A high-ranking member of MS-13 on Long Island pleaded guilty Tuesday to seven murders, including the brutal killings of two high school girls that drew national attention.

Jairo Saenz, 28, faces 40 to 60 years in prison when he’s sentenced on June 13. His older brother, Alexi, pleaded guilty in the same cases in July 2024.

The Saenz brothers were the leaders of a Long Island-based MS-13 chapter known as Sailors Locos Salvatruchas Westside, according to federal investigators. From January 2016 through January 2017, they ordered a series of crimes in normally quiet neighborhoods on Long Island.

“Jairo Saenz pleaded guilty to seven murders that can only be described as barbaric, and multiple acts of senseless gang violence that had turned parts of Long Island into a war zone,” Acting U.S. Attorney Carolyn Pokorny said in a statement.

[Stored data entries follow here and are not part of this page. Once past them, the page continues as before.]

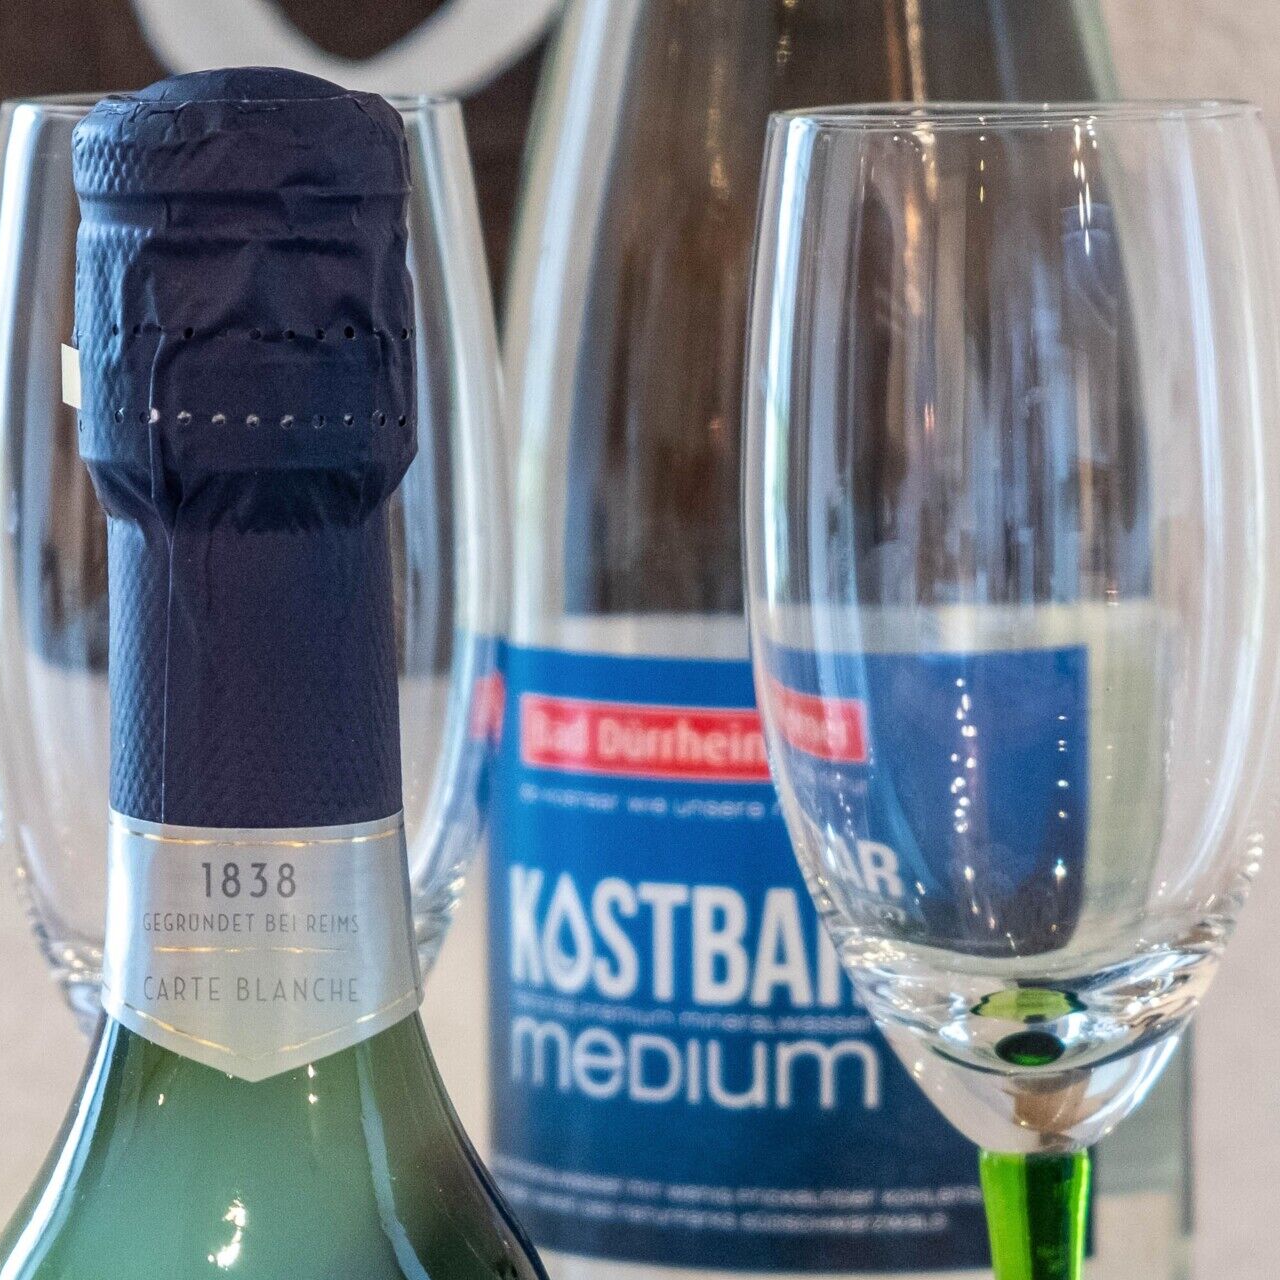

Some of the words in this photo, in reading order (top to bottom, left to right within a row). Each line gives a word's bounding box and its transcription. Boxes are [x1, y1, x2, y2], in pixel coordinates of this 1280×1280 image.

[596, 715, 766, 767] Dürrheim
[201, 862, 296, 898] 1838
[142, 912, 253, 932] GEGRÜNDET
[265, 912, 296, 932] BEI
[306, 914, 360, 933] REIMS
[143, 976, 220, 1001] CARTE
[237, 977, 359, 1002] BLANCHE

The highest-profile killings were the murders of Kayla Cuevas, 16, and Nisa Mickens, 15, in Brentwood on Sept. 13, 2016. Cuevas had multiple disagreements with MS-13 members at Brentwood High School, and the gang marked her for death.

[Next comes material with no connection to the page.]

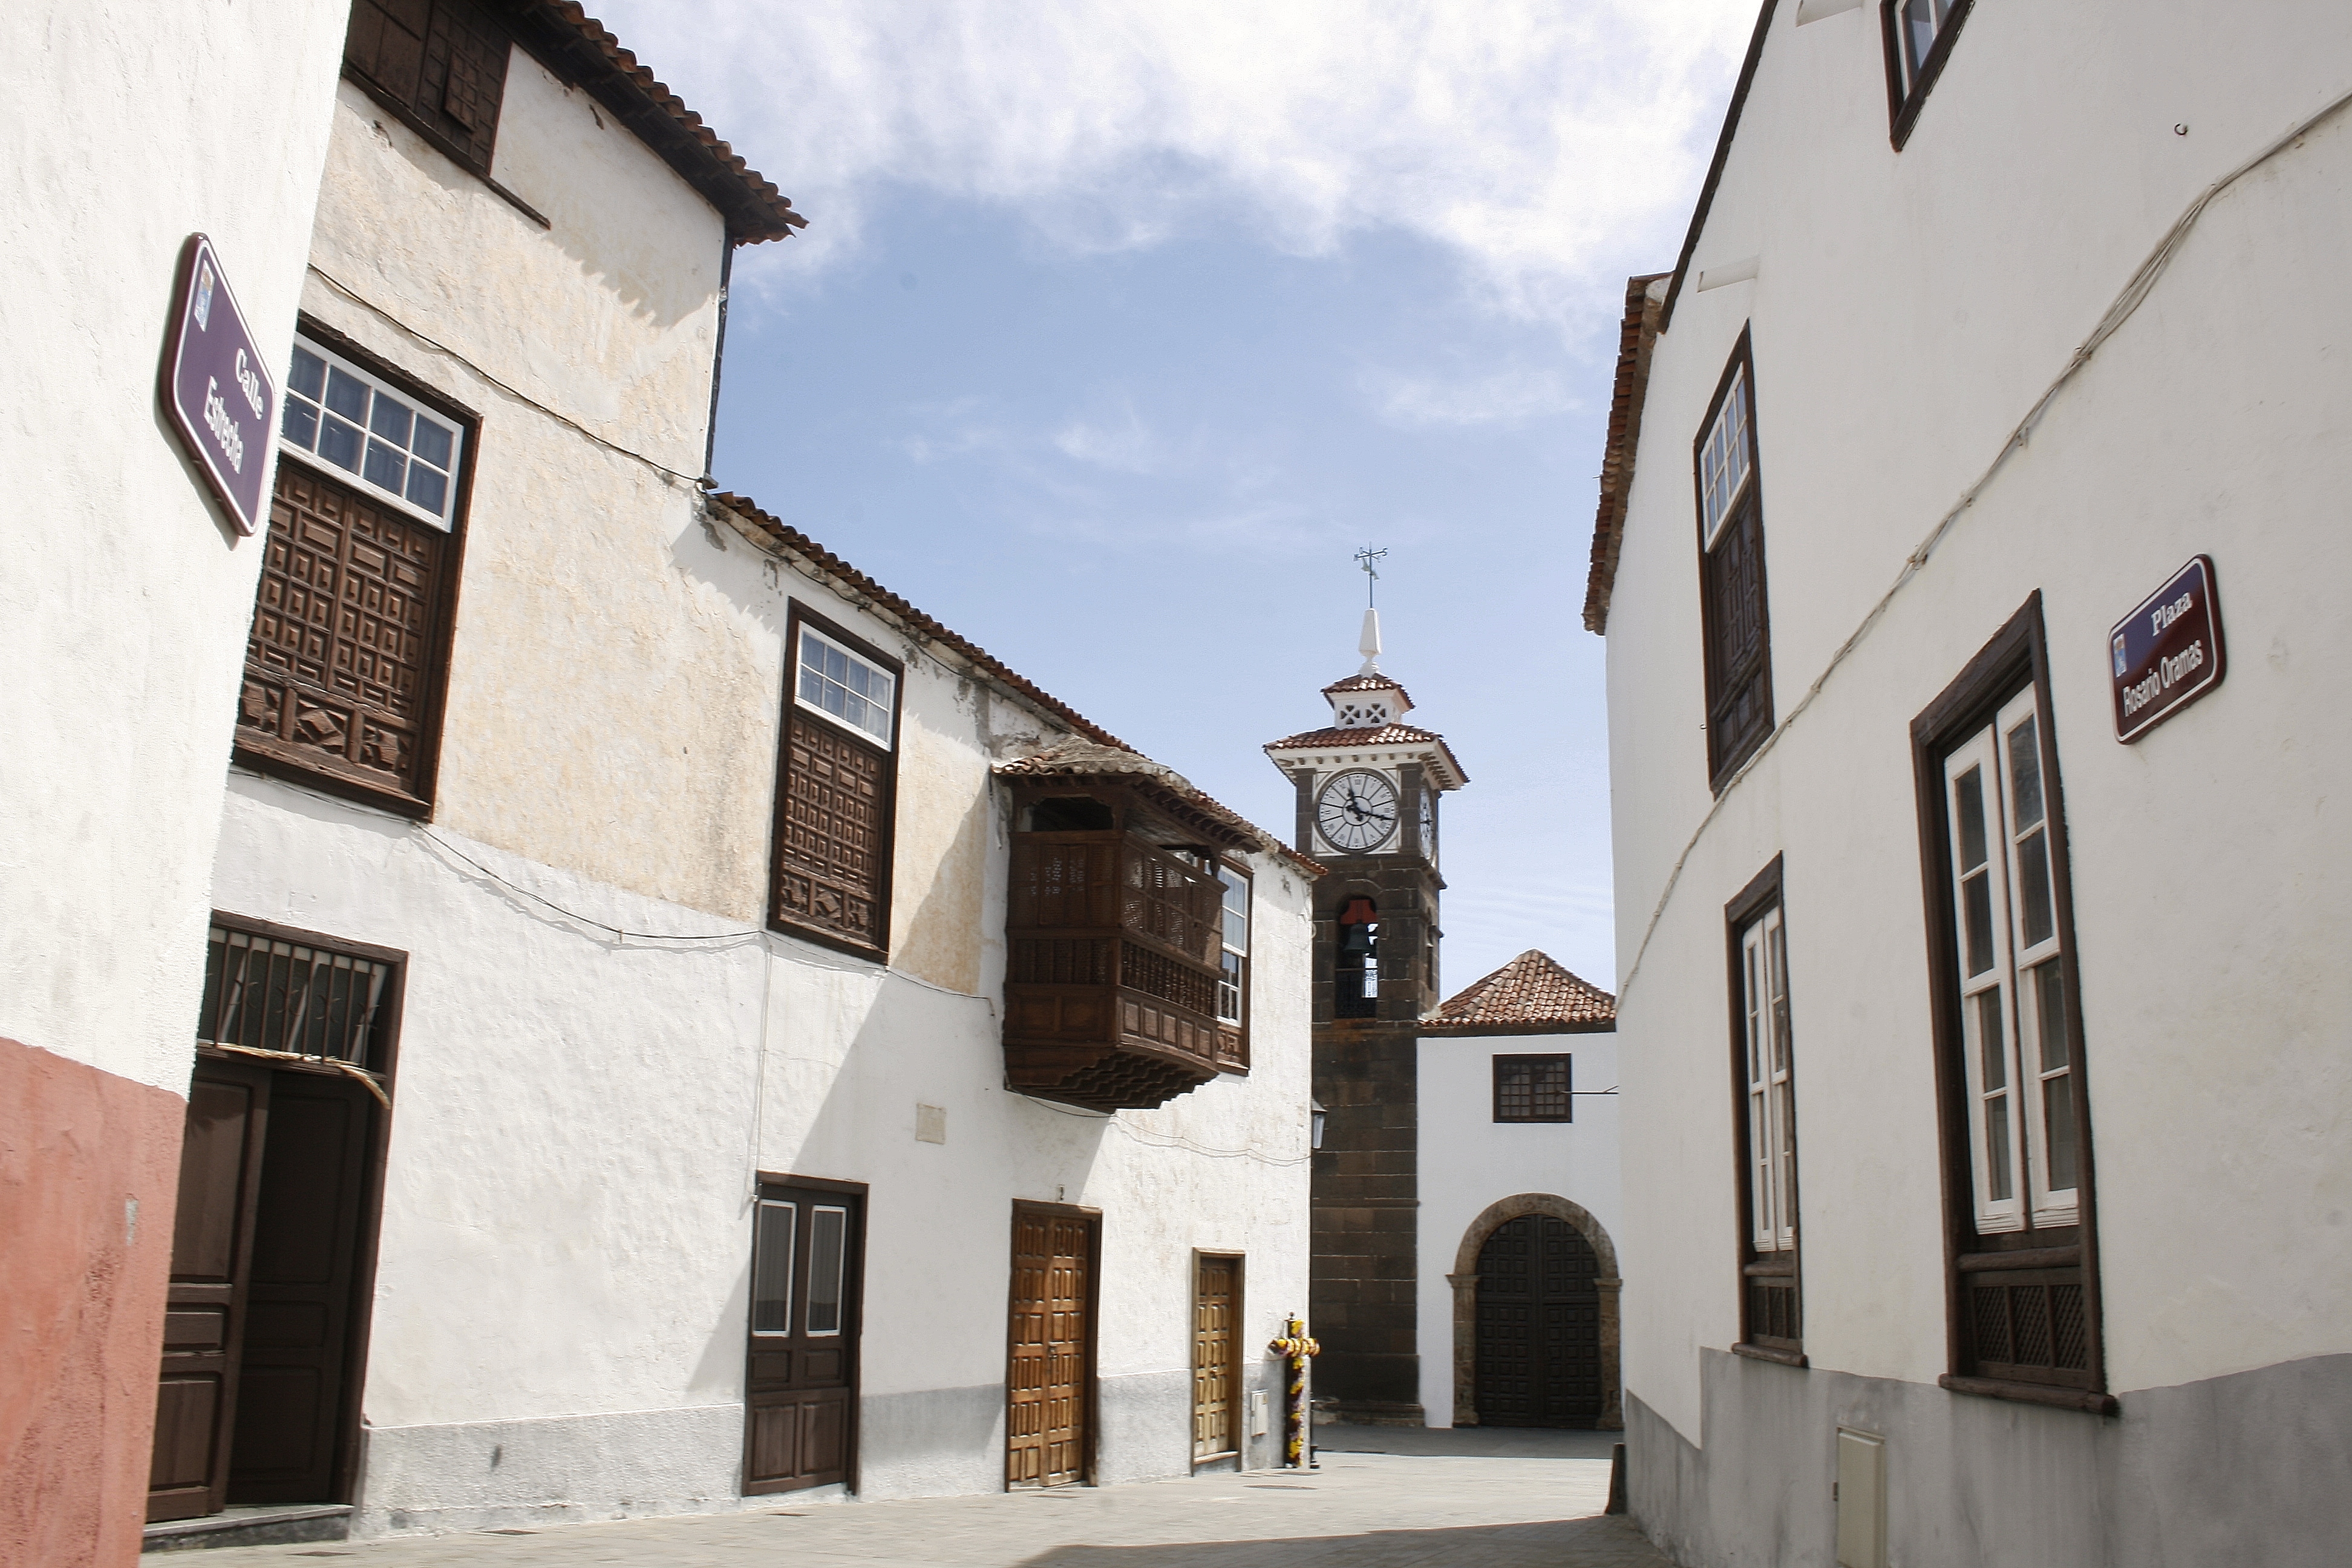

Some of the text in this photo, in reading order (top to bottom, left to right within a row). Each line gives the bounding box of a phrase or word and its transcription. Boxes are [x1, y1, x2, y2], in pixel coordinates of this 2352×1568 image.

[236, 348, 263, 420] Calle
[204, 375, 243, 474] Estrecha
[2151, 592, 2192, 636] Plaza
[2123, 639, 2203, 717] Rosario Oramas

On the fatal night, she was walking with Mickens when a group of MS-13 members spotted them and called the Saenz brothers for approval to kill both girls, which the Saenzes granted. Cuevas and Mickens were beaten with baseball bats and hacked to death with machetes.

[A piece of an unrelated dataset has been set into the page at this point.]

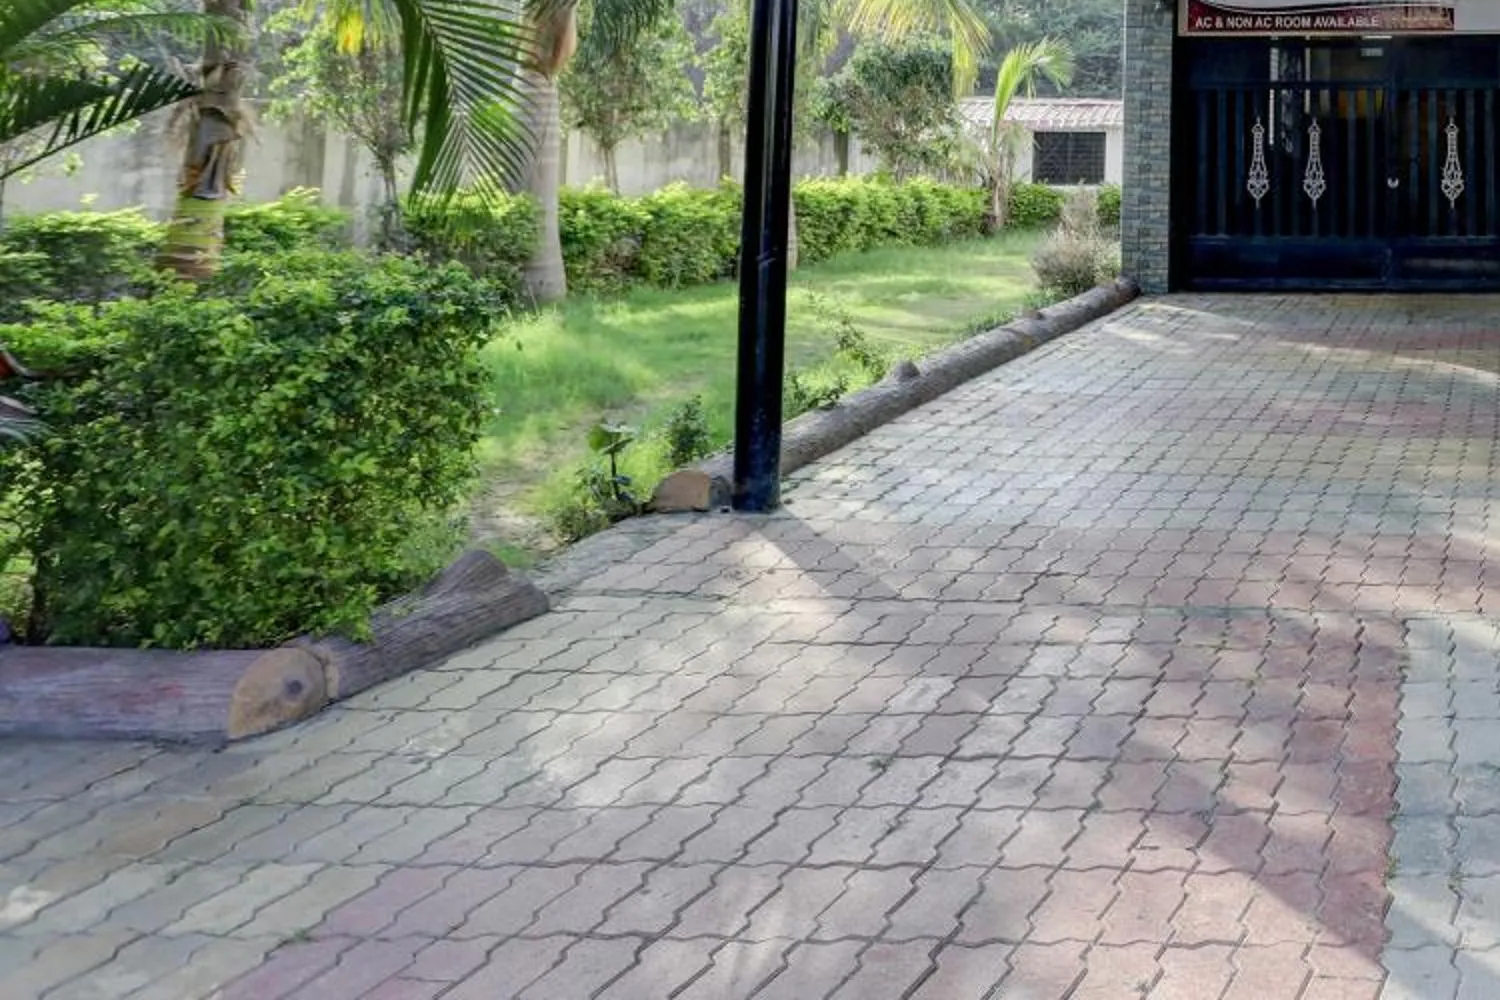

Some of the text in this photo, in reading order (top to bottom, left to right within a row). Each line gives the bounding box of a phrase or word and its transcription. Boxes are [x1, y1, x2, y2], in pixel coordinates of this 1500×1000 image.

Jairo Saenz also pleaded guilty to the murders of Michael Johnson, Oscar Acosta, Javier Castillo, Dewann Stacks and Esteban Alvarado-Bonilla. Several of the victims were lured to secluded locations before being beaten and hacked to death by MS-13 members.

“I did these things, and I knew they were wrong,” Saenz said through a translator at Tuesday’s hearing in Central Islip Federal Court.

Saenz was captured in March 2017. In 2020, with then-President Donald Trump in office, federal prosecutors said they would seek the death penalty against both Saenz brothers. However, that plan was dropped after President Biden took office and began leading the Justice Department.

Saenz’s guilty plea came less than a week before Trump — whose Justice Department carried out 13 executions — is scheduled to retake office.